Dr. Nina Gloriani, the head of the Department of Science and Technology (DOST) vaccine expert panel, said that the important thing is to prevent transmission, which is why public is continually advised to avoid mass gatherings. It is also important to strictly observe minimum health protocols.
-Higher transmissibility of new virus variants-
When people congregate, there is more transmission of the virus. The more that there is transmission, the more likelihood of virus mutations.
“Mas mataas ang transmission nito ngayon, higher than the others,” Dr. Gloriani said referring to the various COVID-19 variants present in the country, especially in Metro Manila.
“So iwasan natin talaga ang pagtitipon-tipon, yung mass gathering, kasi yun ang nakakapagpataas ng transmission,” she said in an interview with Balitalakayan aired on NET25 on Monday, May 17.
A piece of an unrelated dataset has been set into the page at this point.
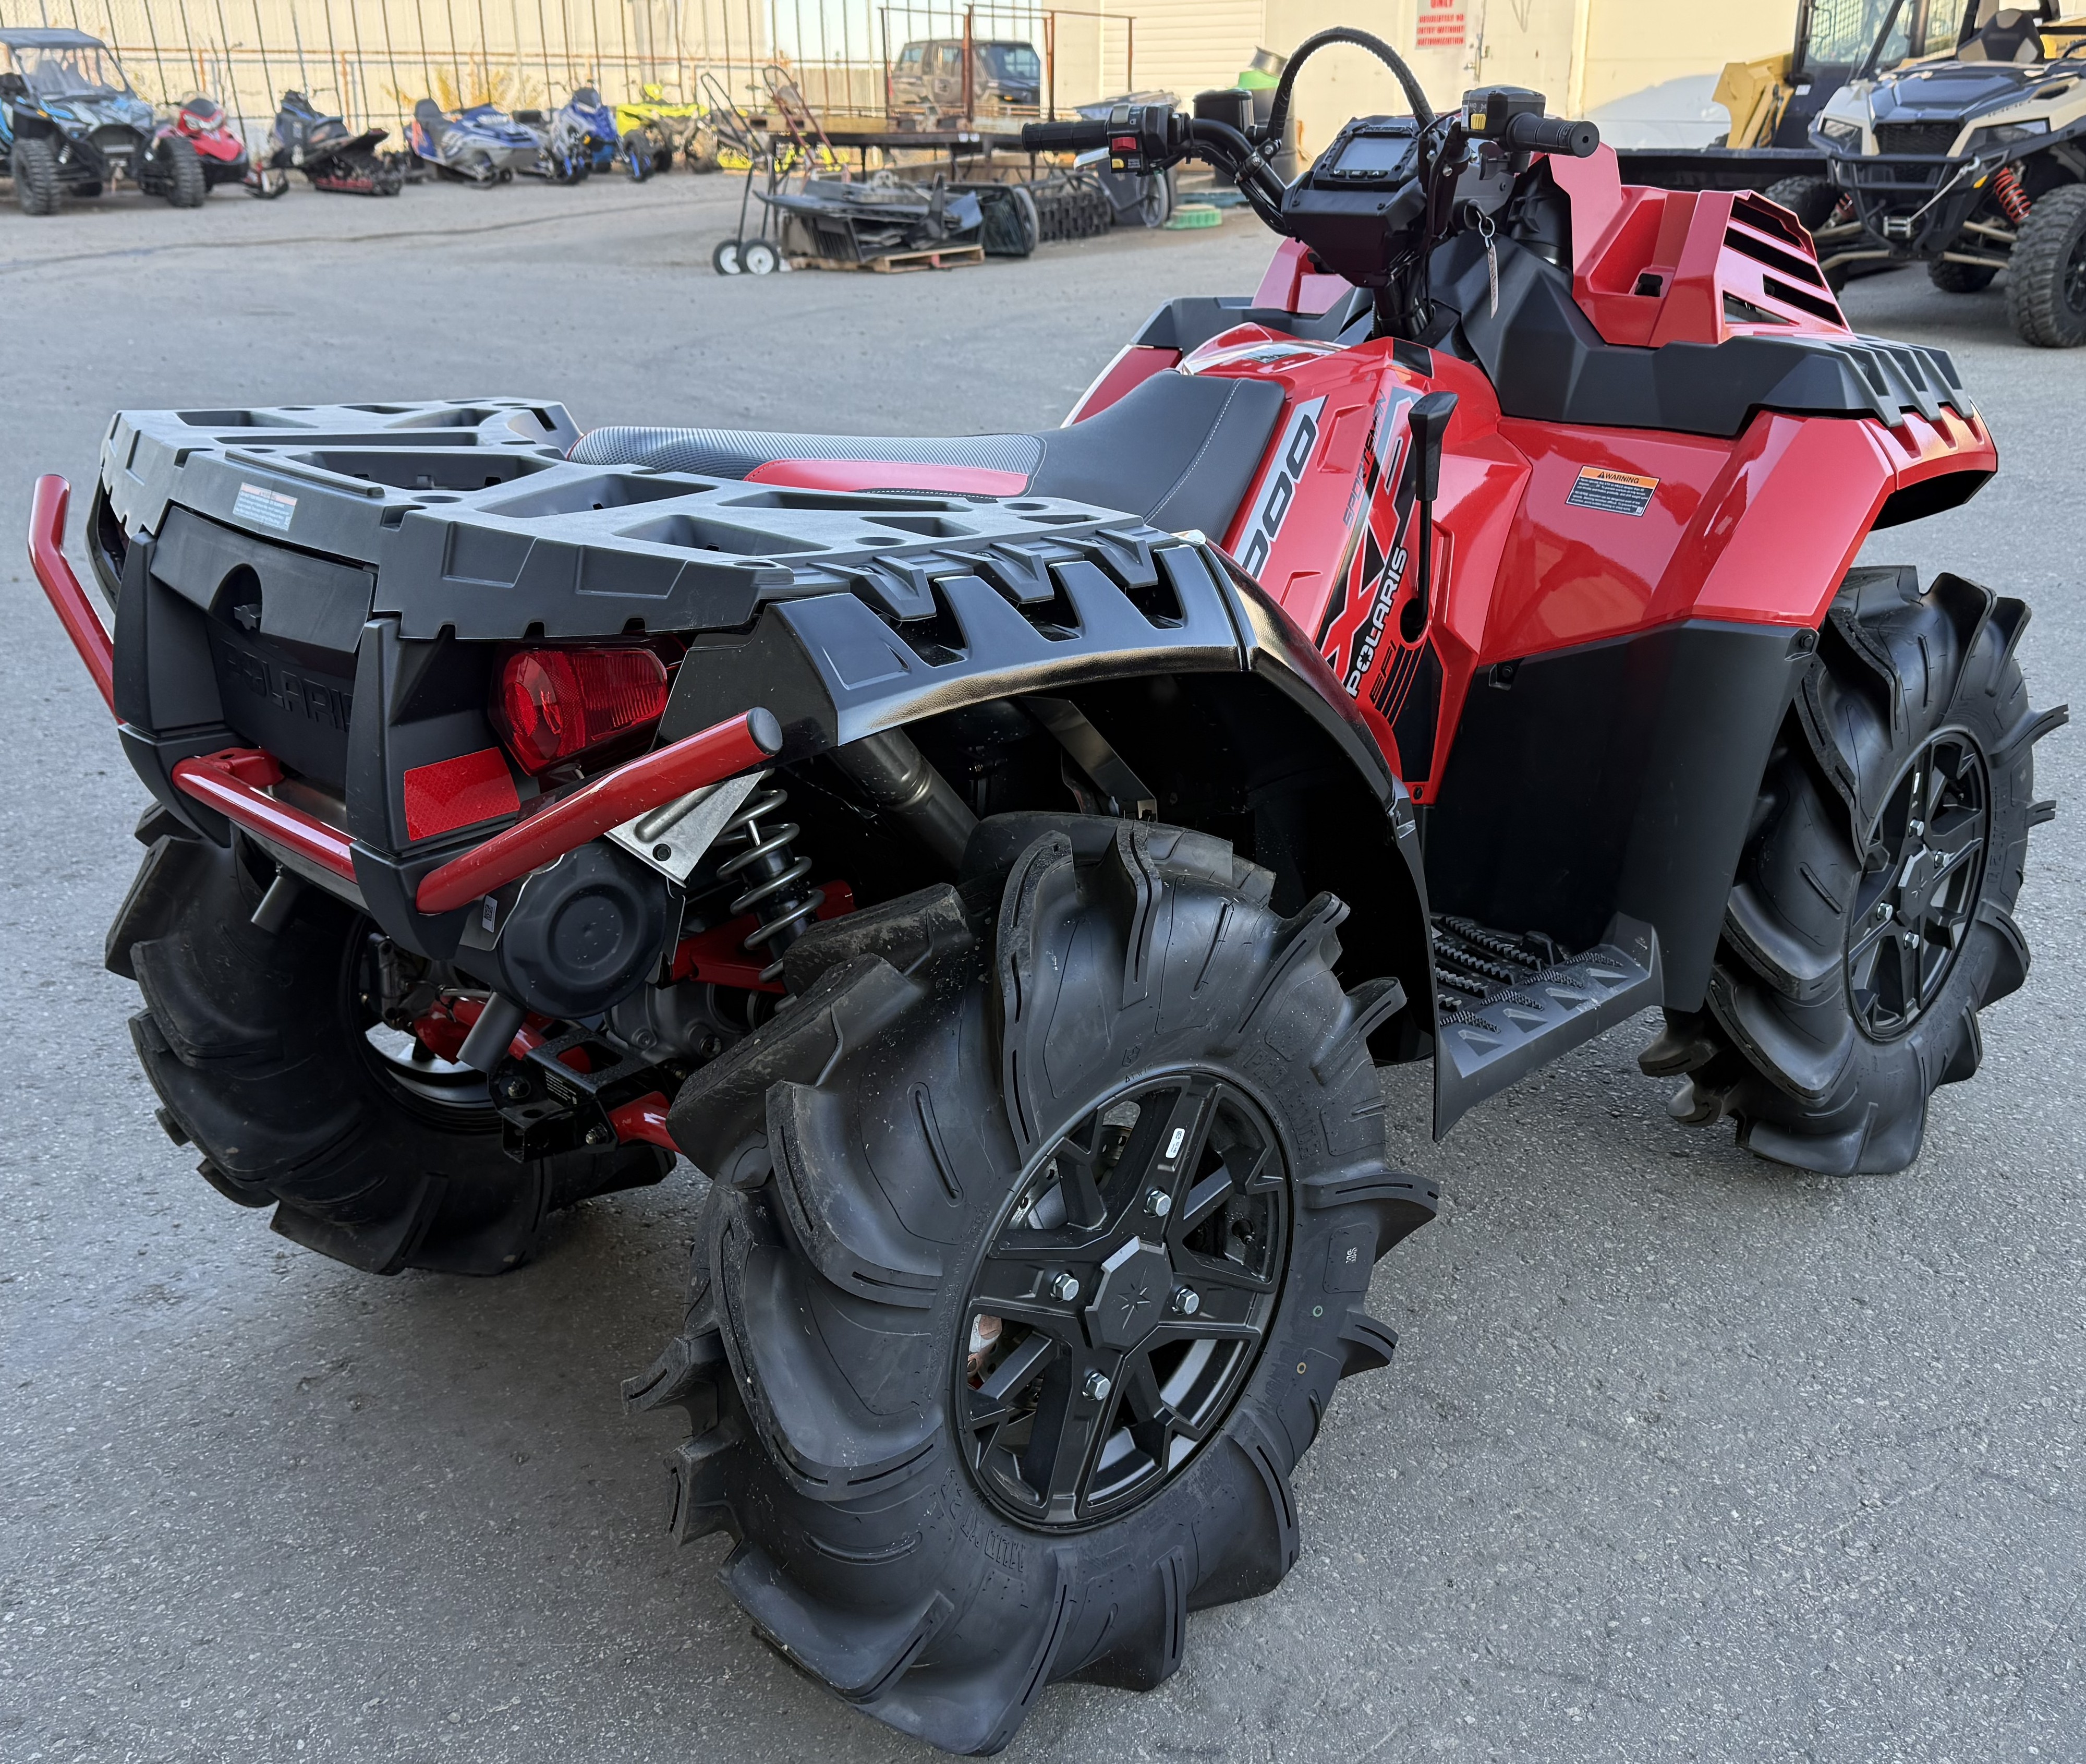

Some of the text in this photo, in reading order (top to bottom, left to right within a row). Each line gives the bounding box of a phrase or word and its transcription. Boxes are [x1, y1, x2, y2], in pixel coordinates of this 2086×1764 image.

[1605, 473, 1640, 484] WARNING
[1345, 547, 1408, 698] POLARIS
[219, 637, 354, 733] POLARI
Recently, 10 more cases of the Indian variant of the virus were detected in the country bringing to 12 the confirmed number of such cases in the Philippines. More cases of the other COVID variants have been detected in the country. All these variants are highly transmissible. At least three of these variants — the Indian variant, the South African variant, and the Brazil variant — are said to have immune escape mechanisms that vaccine developers are still trying to address.
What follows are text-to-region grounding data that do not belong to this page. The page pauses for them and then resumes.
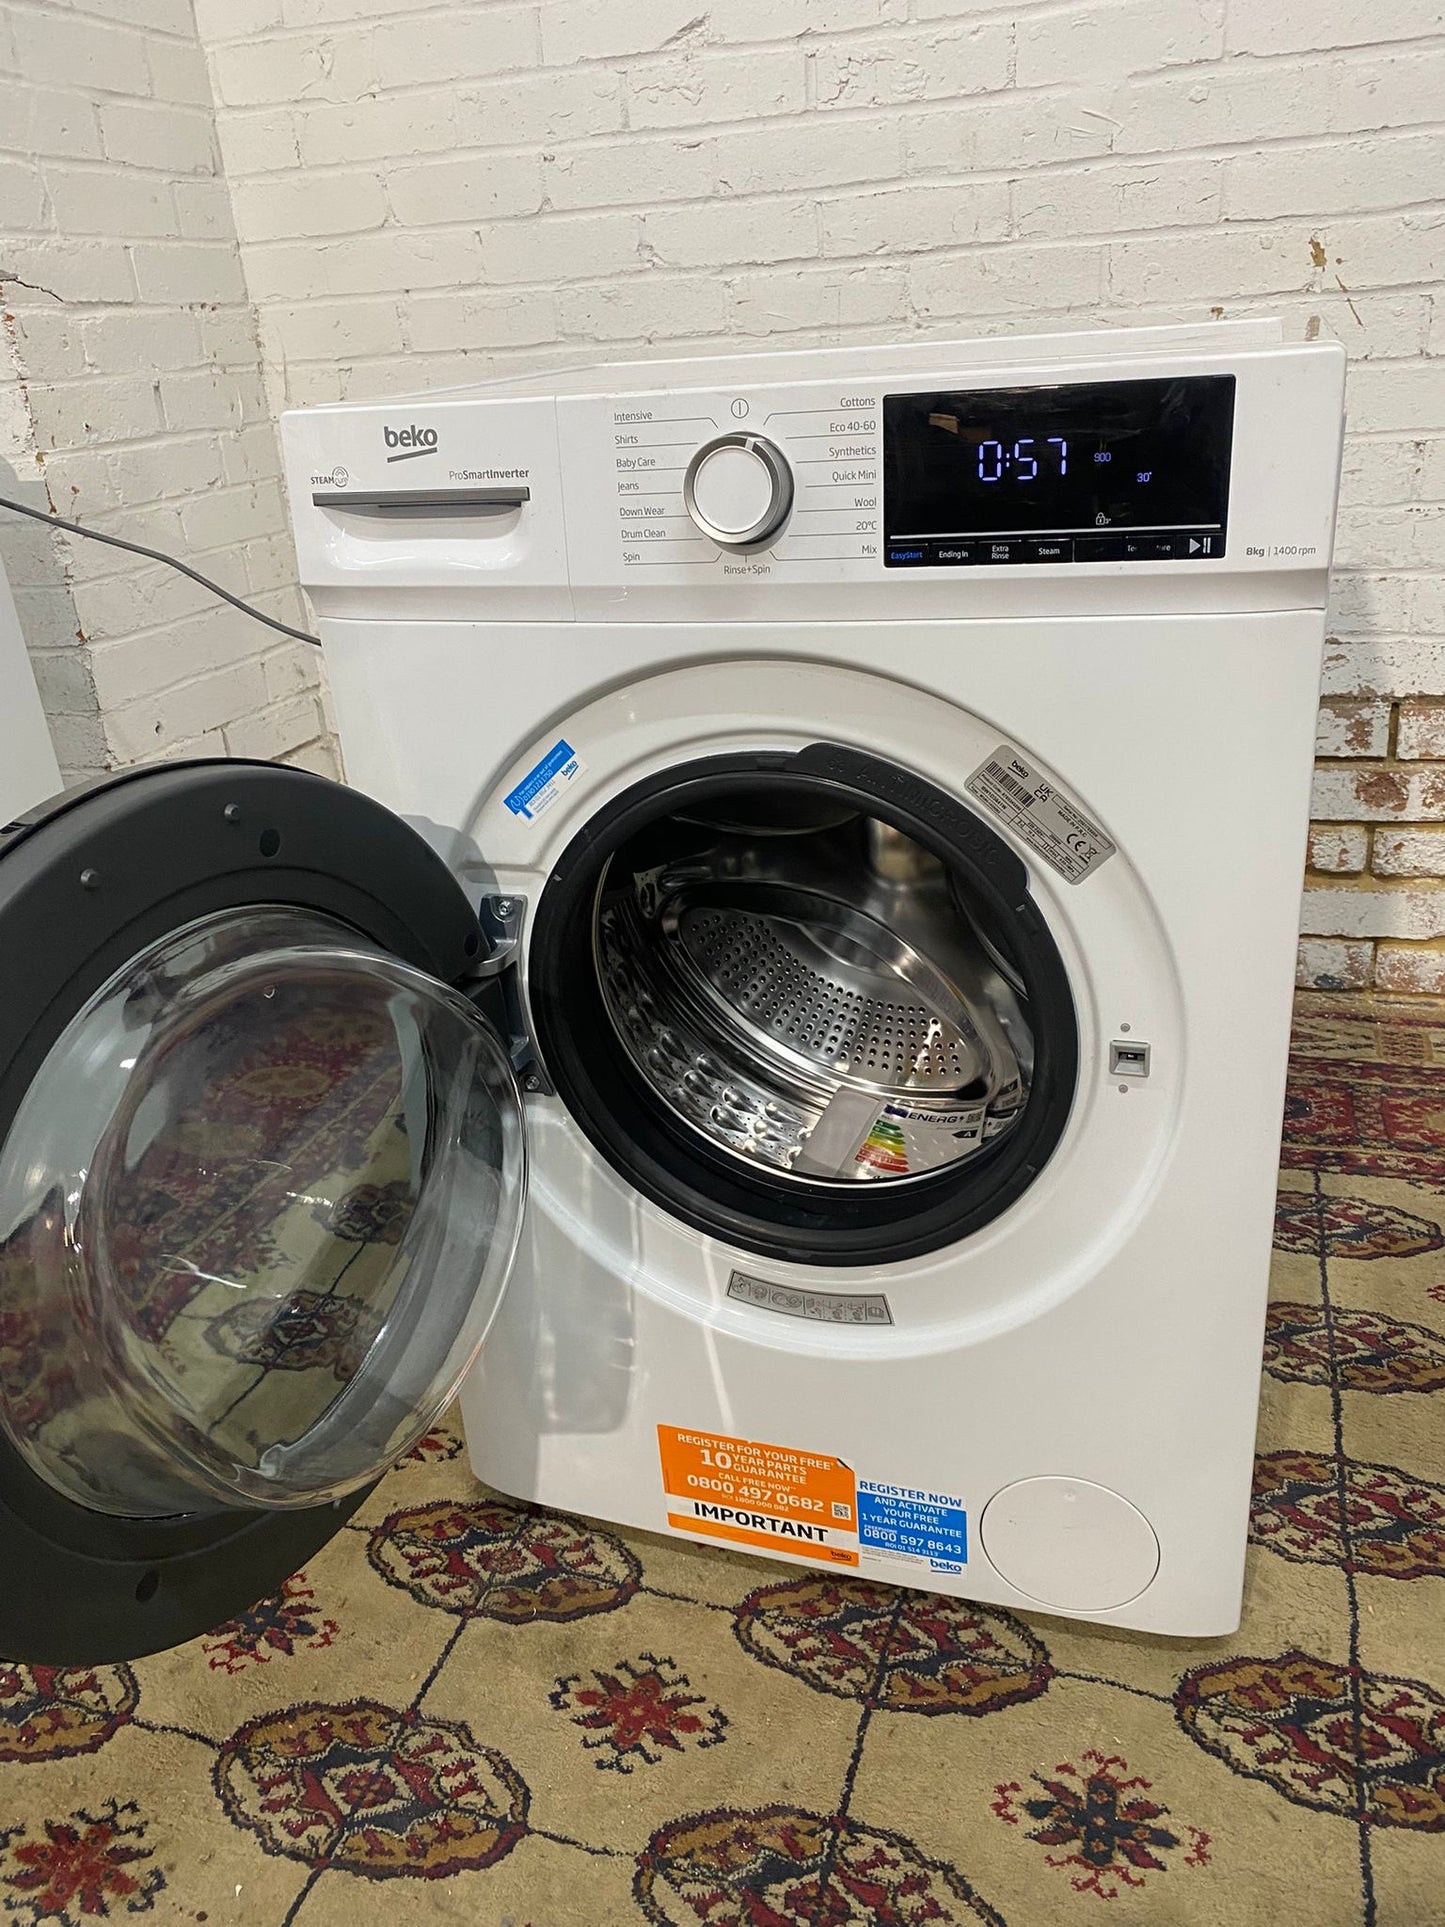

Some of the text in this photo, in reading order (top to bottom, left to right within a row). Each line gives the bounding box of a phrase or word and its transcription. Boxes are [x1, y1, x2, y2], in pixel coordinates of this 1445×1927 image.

[840, 398, 876, 408] Cottons
[614, 411, 652, 422] Intensive
[830, 420, 876, 432] Eco 40-60
[384, 425, 437, 447] beko
[614, 434, 638, 444] Shirts
[829, 446, 876, 458] Synthetics
[1094, 452, 1111, 462] 900
[616, 457, 656, 469] Baby Care
[978, 438, 1067, 481] 0:57
[310, 476, 334, 484] STEAM
[449, 469, 529, 480] ProSmartInverter
[832, 470, 877, 482] Quick Mini
[617, 482, 640, 493] Jeans
[854, 497, 877, 507] Wool
[620, 506, 665, 516] Down Wear
[621, 528, 666, 539] Drum Clean
[862, 544, 877, 554] Mix
[939, 550, 968, 559] Ending In
[992, 545, 1009, 553] Extra
[1246, 546, 1316, 557] 8kg 1400 rpm
[622, 552, 640, 562] Spin
[890, 552, 923, 560] EasyStart
[991, 552, 1009, 560] Rinse
[561, 760, 577, 776] beko
[1011, 760, 1029, 778] beko
[1034, 789, 1048, 802] CA
[1040, 784, 1054, 797] UK
[909, 1113, 957, 1123] ENERG
[677, 1433, 734, 1452] REGISTER
[737, 1445, 761, 1457] FOR
[763, 1450, 798, 1464] YOUR
[700, 1449, 731, 1470] 10
[732, 1454, 807, 1475] YEAR PARTS
[718, 1473, 741, 1483] CALL
[743, 1477, 766, 1487] FREE
[733, 1464, 807, 1484] GUARANTEE
[687, 1475, 824, 1512] 0800 497 0682
[860, 1481, 962, 1507] REGISTER NOW
[874, 1497, 948, 1516] AND ACTIVATE
[694, 1502, 828, 1542] IMPORTANT
[883, 1508, 939, 1524] YOUR FREE
[870, 1514, 897, 1526] YEAR
[899, 1520, 962, 1538] GUARANTEE
[864, 1529, 961, 1554] 0800 597 8643
[831, 1550, 852, 1560] beko
[930, 1559, 962, 1572] beko
-Low immunization coverage, so far-
Gloriani noted that the immunization coverage in the country is still low.
“Ang ating immunization coverage ay mababa pa,” Dr. Gloriani said. “So we have to wait a while, konting tiis pa until the end of the year.”
Treating and managing the COVID-19 virus variants is however still the same, whether this is the B.1.1.7 (UK variant), the B.1.351 (South African variant), the P1 (Brazil variant), and the latest being the Indian variant or the B.1.617.2
“The same minimum public health standards should apply,” she said.
Gloriani also noted that the government is doing its best to vaccinate more people, as more vaccine supplies come in. The country hopes to achieve herd immunity by year-end.
“Ang assumption dyan ay darating ang bakuna. And we procured a lot. Alam ko na na-negotiate lahat yan,” she said.
Until there is enough people who have been vaccinated, everyone should be careful and continue to observe minimum health protocols — proper and frequent handwashing, observing 1 to 2 meters of physical distance, avoiding large crowds and mass gatherings, and frequent sanitation of homes and work area. Add to this is the advice to ensure proper ventilation of spaces since the virus is now airborne.
-Extra precautions until year-end to prevent see-saw in cases-
“Lahat tayo we should continue to be very very careful,” she said referring to both those who had been vaccinated, and to those who haven’t got the jab yet.
“Nag-see-seesaw tayo. we have to be very conscious na siguro untl the end of the year ganito tayo,” she said noting the erratic movement of cases amid the presence of virus variants.
–Public urged to get COVID jabs-
In the meantime, she urged the public to register for vaccines, and get immunized as soon as the vaccines are available. This will prevent them from getting the severe COVID-19.
She also hopes that the Philippines can develop its own vaccine against the virus.
“Sana we can do that soon, I think in the next five to 10 years,” she added.